The paper could address potential ethical considerations and biases in the proposed system, especially since person re-identification has implications for privacy and surveillance. Discussing how the model handles different demographic groups and mitigating bias would be an important addition.
The typesetting of this paper seems unreasonable, and the content is not rich enough. For example, Figure 2 is placed at the bottom of the page, while Table 1 exceeds the width of the page. Also, this paper seems like it should further discuss additional experiments and ethical issues in an appendix, but it does not provide one.
Based on the current version of the paper, it seems that the paper is difficult to replicate due to a lack of sufficient detail.

In summary, while the paper makes some contributions to the field of person re-identification, there are areas where it could be improved. Addressing these weaknesses would not only strengthen the paper's claims but also provide a clearer path for future research and practical implementation.

问题

Will you make your code and model publicly available? This is important for the development of the field.

评论- Official Response to Reviewer 7m9c (PART II)

2024-11-25

Weakness 5

Due to space limitations, the original manuscript lacked sufficient detail regarding the similarity measurement between query and test images, as well as the loss function. Here, we provide a brief explanation and will include more detailed descriptions in the appendix of the revised version, covering the output features of each module and the loss function setup. This will allow readers to better understand and replicate the proposed method.

Similarity measure

During the testing phase, a total of four types of features can be obtained for each image to be queried: global feature ${F_{global}}$ , foreground feature ${F_{foreground}}$ , semantic feature ${F_{part}}$ , and graph features $F_{graph}$ . The proposed network in this paper employs cosine distance between features to measure the similarity between the query image and the image to be queried.

Since the number of part-level semantic features is adaptive and some part-level semantic areas are invisible when occluded, only visible part-level semantic features are selected for distance calculation. The total feature distance is divided into two parts: fixed global features, foreground features and graph features, and variable number of part-level semantic features.

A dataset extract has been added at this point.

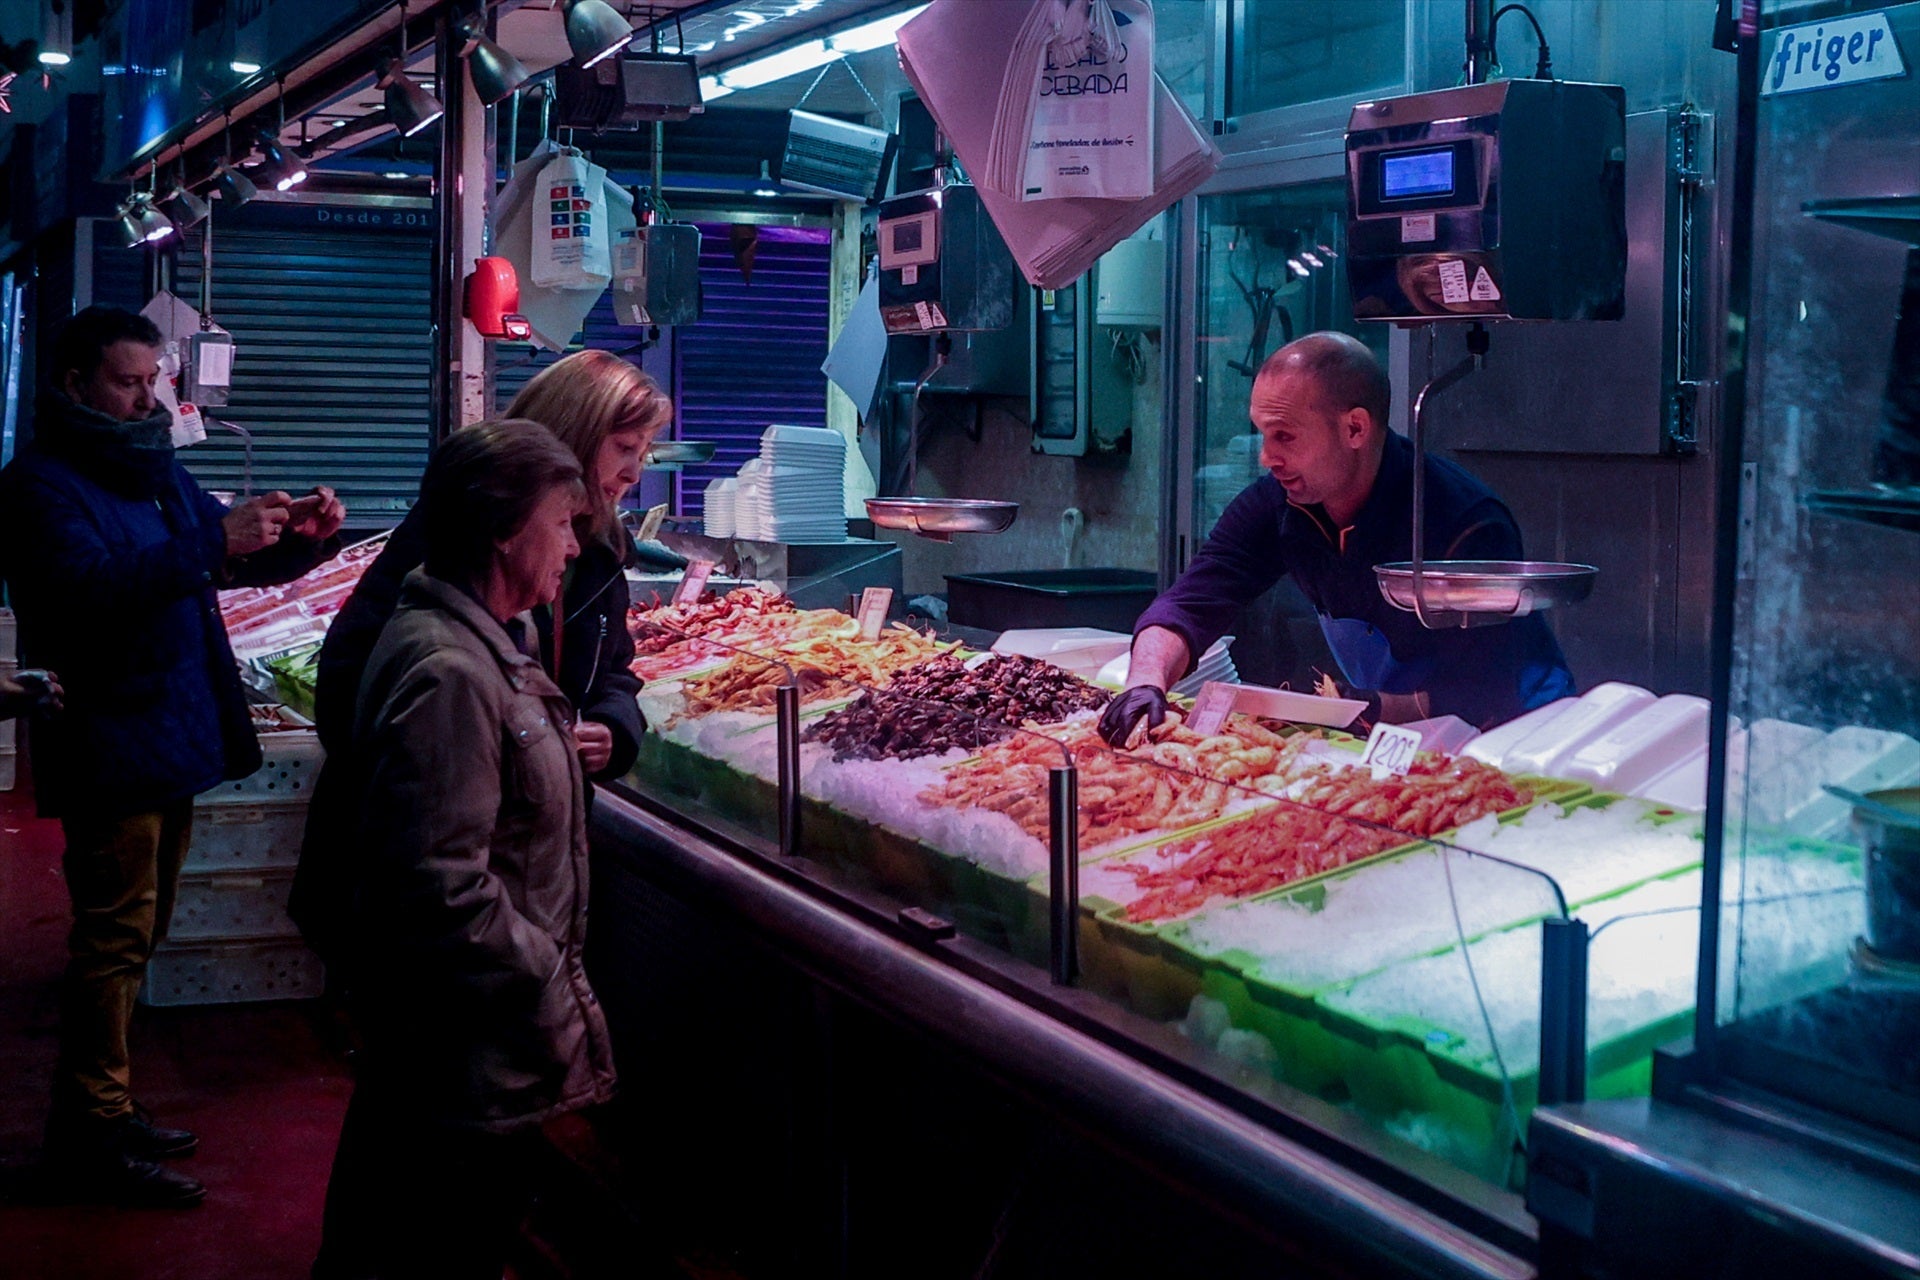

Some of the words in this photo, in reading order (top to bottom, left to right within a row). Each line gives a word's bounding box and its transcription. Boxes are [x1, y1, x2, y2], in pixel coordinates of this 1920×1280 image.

Let $D(\cdot \text{ , }\cdot )$ denote the cosine distance between features, the distances for global features, foreground features, graph features, and the $k$ th semantic features of the query image $q$ and the image $g$ are: ${d_{global}}=D(F_{global}^{q},F_{global}^{g})$ , ${d_{foreground}}=D(F_{foreground}^{q},F_{foreground}^{g})$ , ${d_{graph}}=D(F_{graph}^{q},F_{graph}^{g})$ , ${d_{part-k}}=D( F_{part-k}^{q},F_{part-k}^{g})$ .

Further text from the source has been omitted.